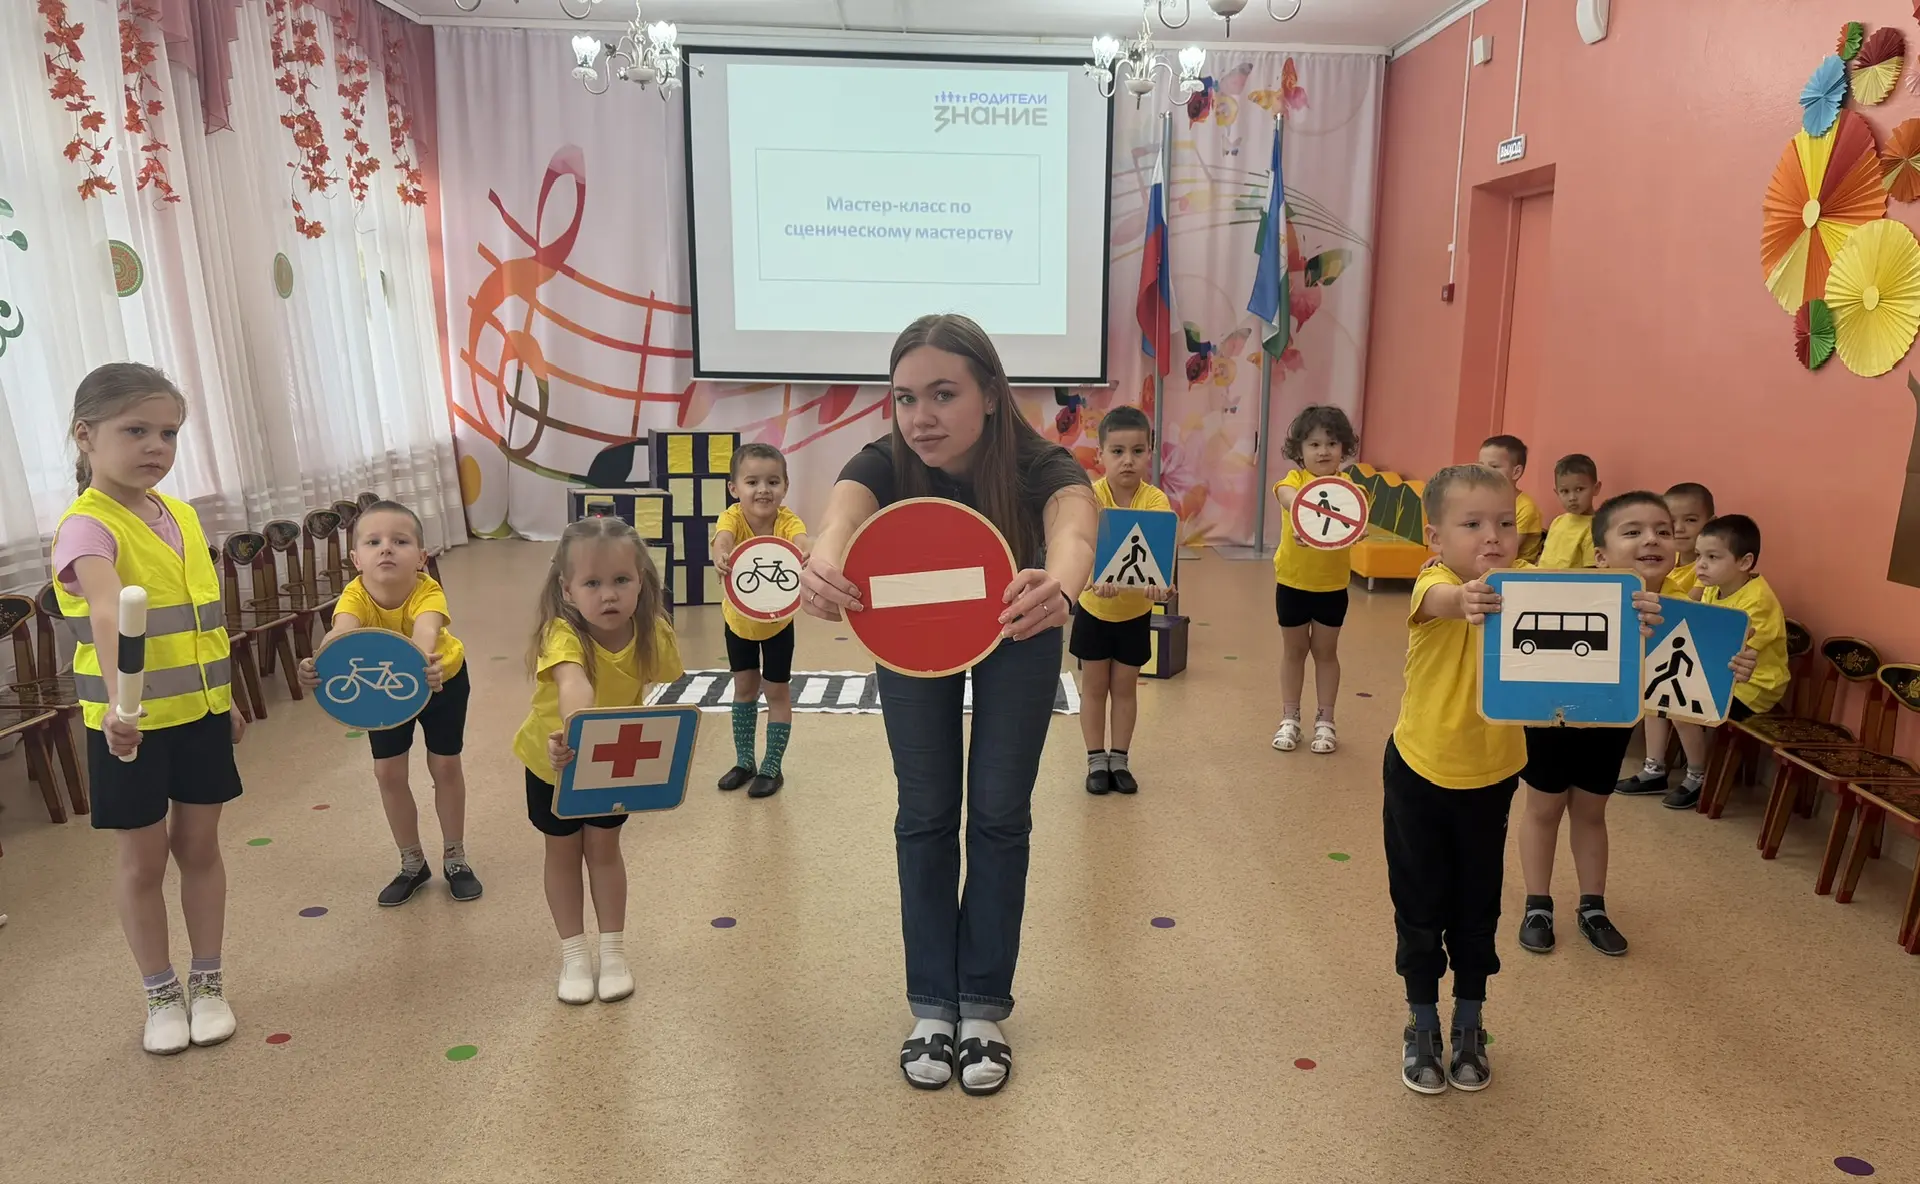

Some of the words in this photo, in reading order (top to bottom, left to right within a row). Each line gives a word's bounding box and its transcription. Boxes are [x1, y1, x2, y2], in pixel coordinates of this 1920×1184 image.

[969, 92, 1047, 105] РОДИТЕЛИ
[1499, 141, 1522, 158] ВЫХОД
[826, 195, 946, 216] Мастер-класс
[950, 202, 971, 214] по
[784, 223, 912, 242] сценическому
[915, 227, 1014, 244] мастерству
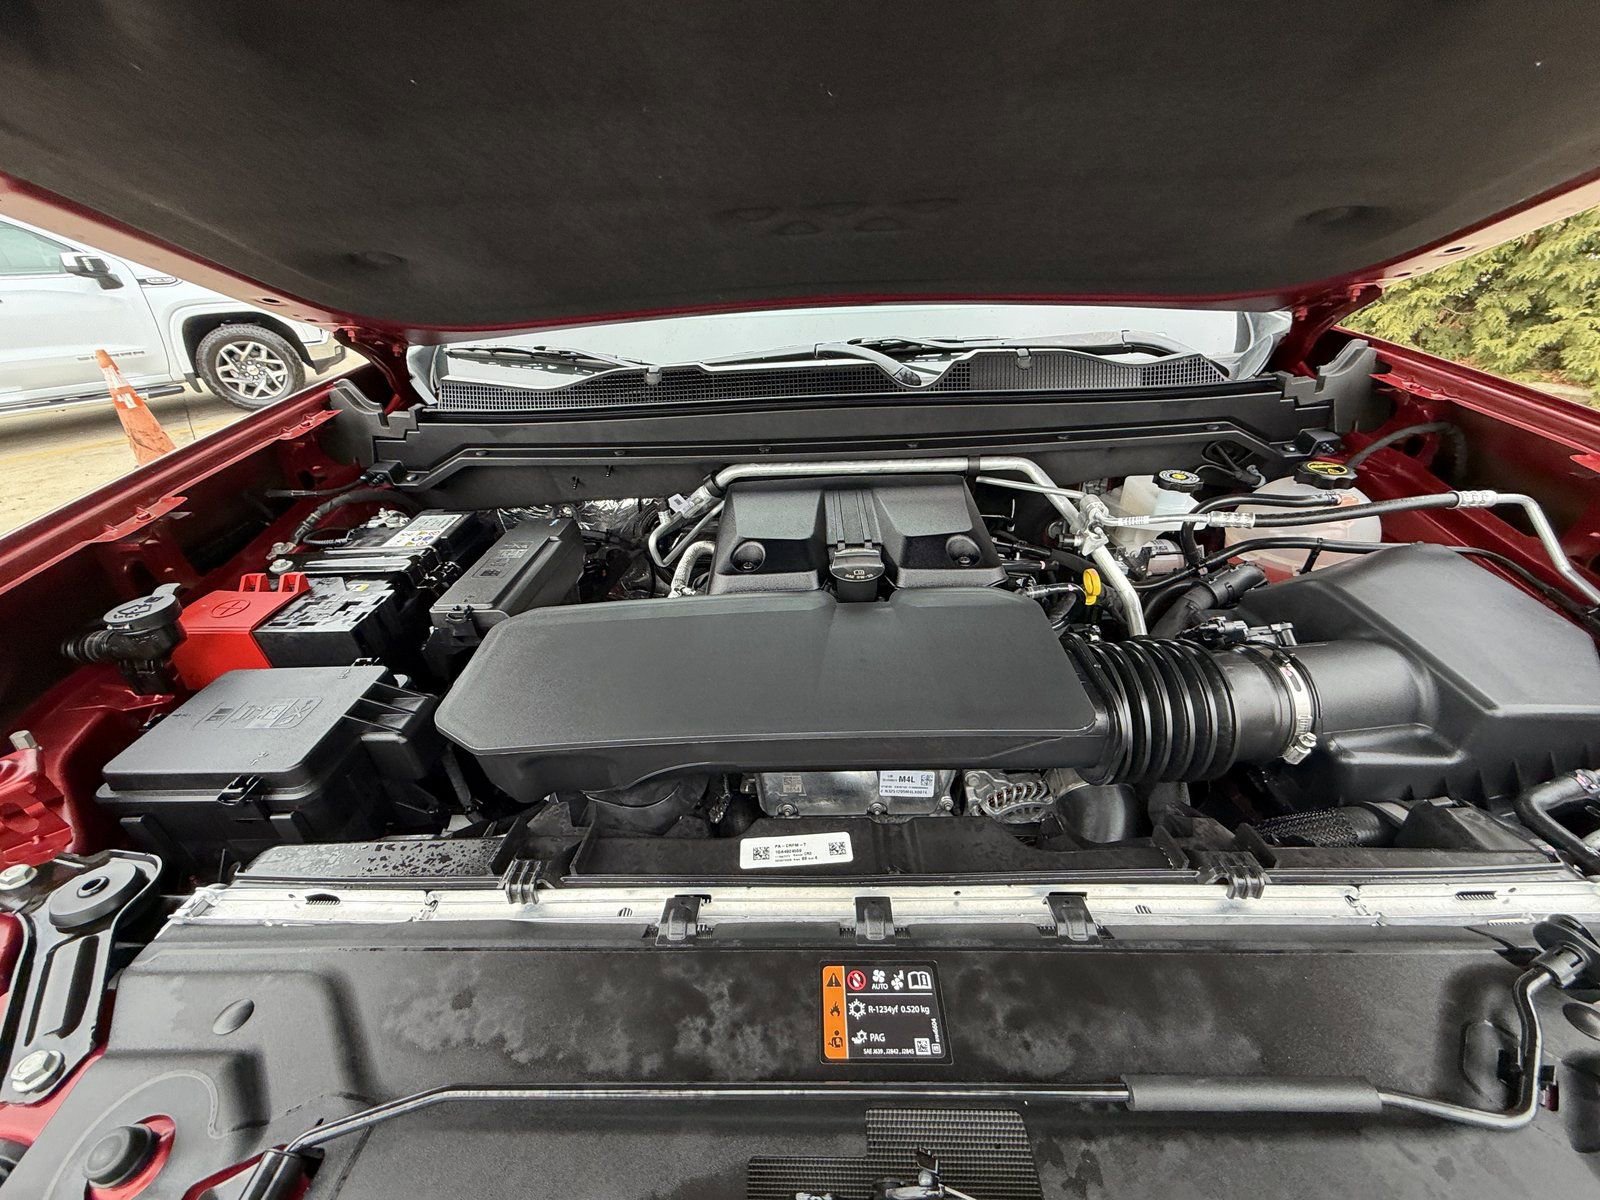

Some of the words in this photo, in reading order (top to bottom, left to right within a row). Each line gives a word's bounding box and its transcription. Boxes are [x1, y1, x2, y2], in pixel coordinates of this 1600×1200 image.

[898, 775, 916, 784] M4L
[867, 1005, 899, 1015] R-1234yf
[900, 1005, 920, 1014] 0.520
[921, 1005, 930, 1015] kg
[869, 1033, 886, 1042] PAG
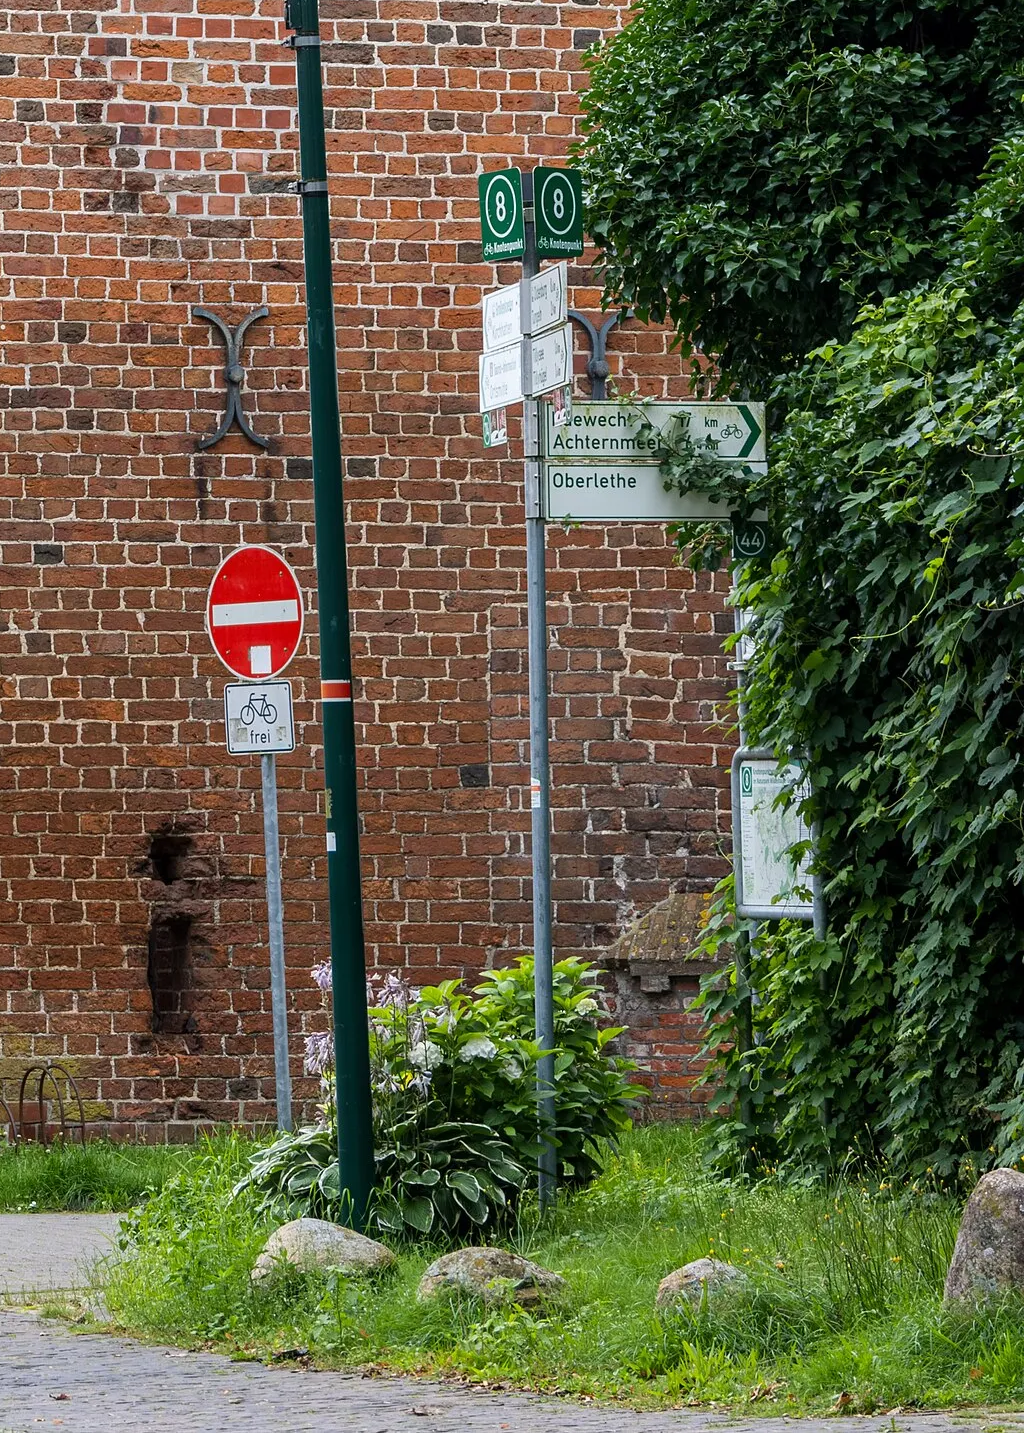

**Aim of the exercise:** Exactly the lines from the line that contains "this 1600×1200 image." through the last line above, and no other lines, must be output, with pictures excluded.

**Written solution:**
Some of the words in this photo, in reading order (top to bottom, left to right within a row). Each line gives a word's bounding box and its transcription. Boxes are [x1, y1, x2, y2], in pixel coordinates of this 1600×1200 image.

[898, 775, 916, 784] M4L
[867, 1005, 899, 1015] R-1234yf
[900, 1005, 920, 1014] 0.520
[921, 1005, 930, 1015] kg
[869, 1033, 886, 1042] PAG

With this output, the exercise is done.